### YOUR GOAL
Set down every record below exactly as written, but leave out the pictures.

### STUDY MATERIAL
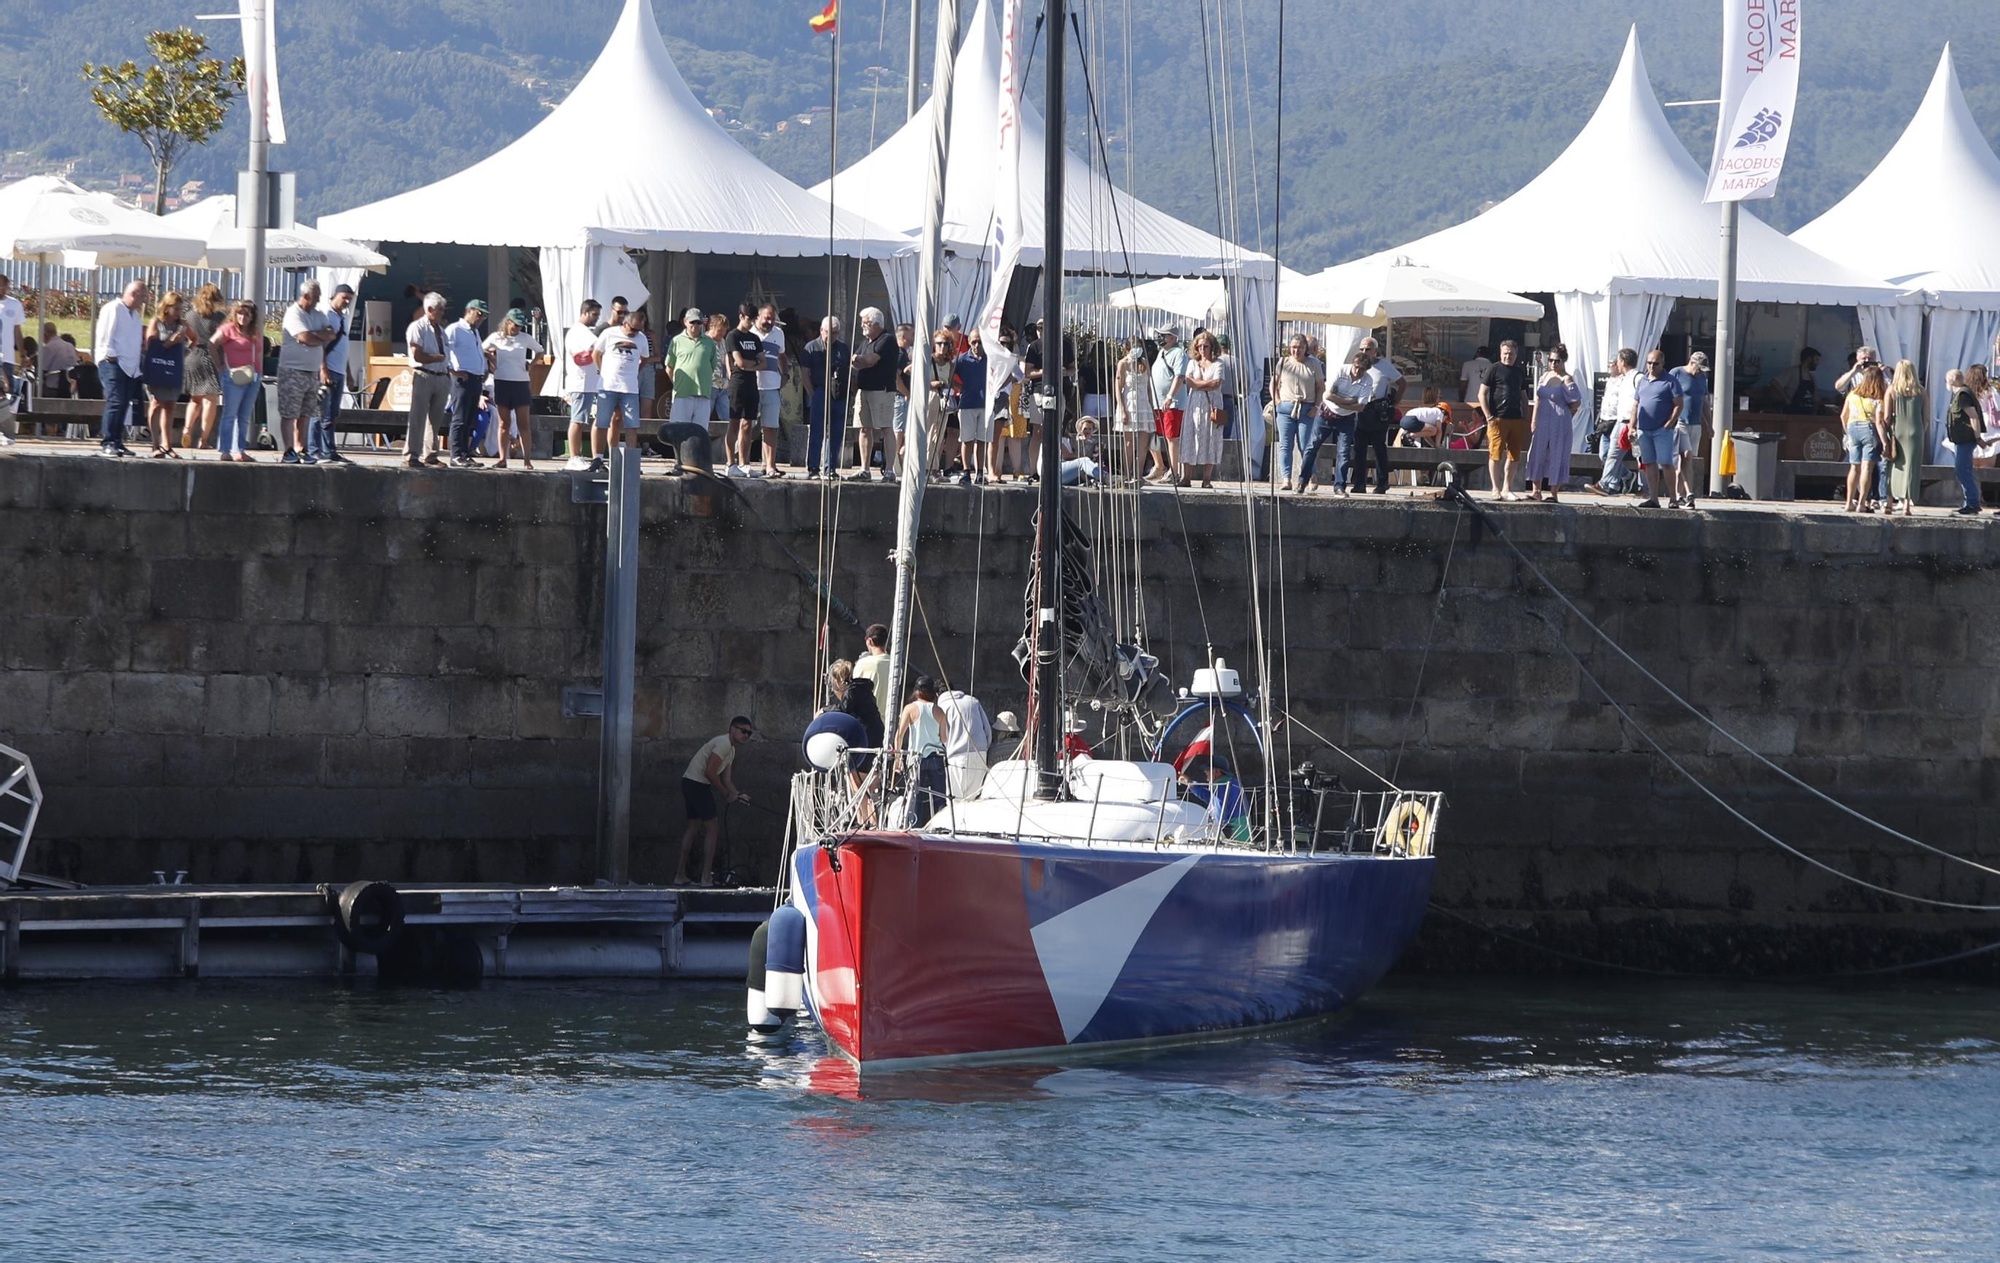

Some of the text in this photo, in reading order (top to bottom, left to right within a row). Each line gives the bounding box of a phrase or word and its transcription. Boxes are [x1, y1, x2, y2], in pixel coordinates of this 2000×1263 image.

[1719, 157, 1782, 171] IACOBUS
[1721, 177, 1768, 191] MARIS
[739, 340, 757, 351] VANS
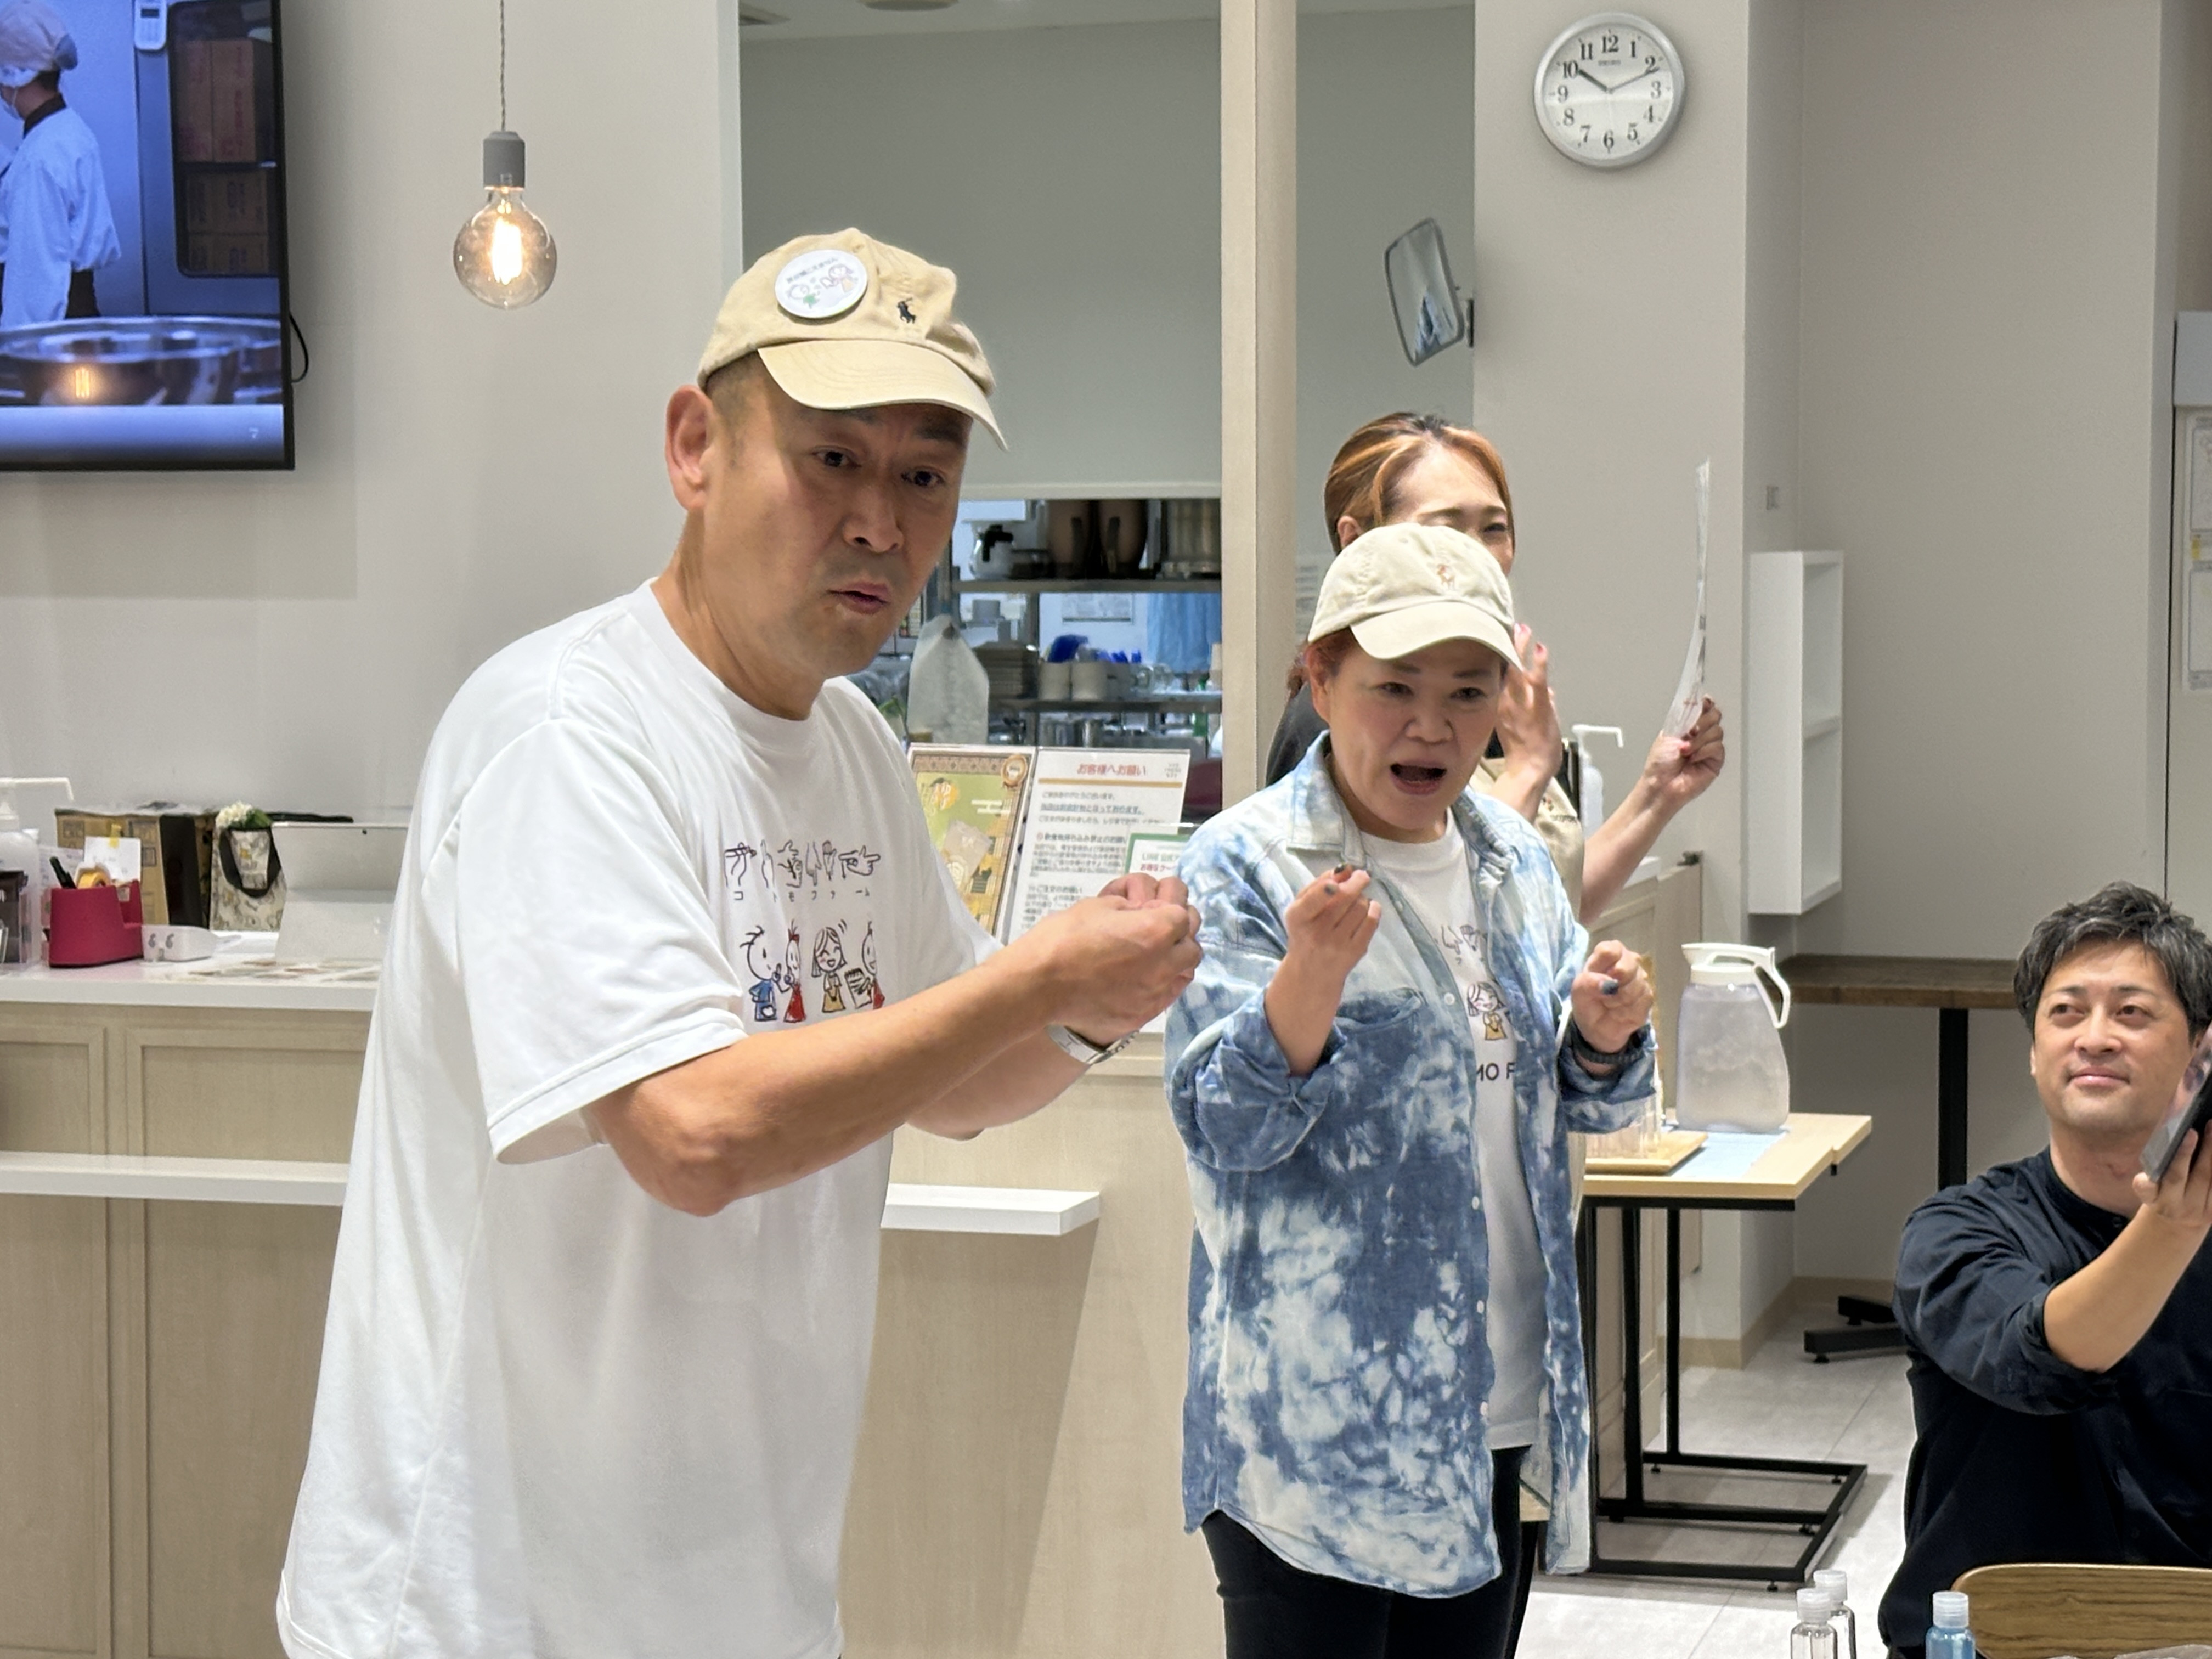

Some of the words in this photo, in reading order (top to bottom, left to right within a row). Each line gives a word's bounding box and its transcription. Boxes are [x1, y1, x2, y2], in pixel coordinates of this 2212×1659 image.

### TASK RESPONSE
Some of the text in this photo, in reading order (top to bottom, left to right within a row). Each line gives the bounding box of a phrase or word and its transcription. Boxes are [x1, y1, x2, y2], in pixel coordinates of this 2000×1263 image.

[1719, 157, 1782, 171] IACOBUS
[1721, 177, 1768, 191] MARIS
[739, 340, 757, 351] VANS

Some of the words in this photo, in reading order (top to bottom, left to right within a row). Each line gives a word's bounding box and its transcription. Boxes are [x1, y1, x2, y2], in pixel coordinates of this 2212×1659 image.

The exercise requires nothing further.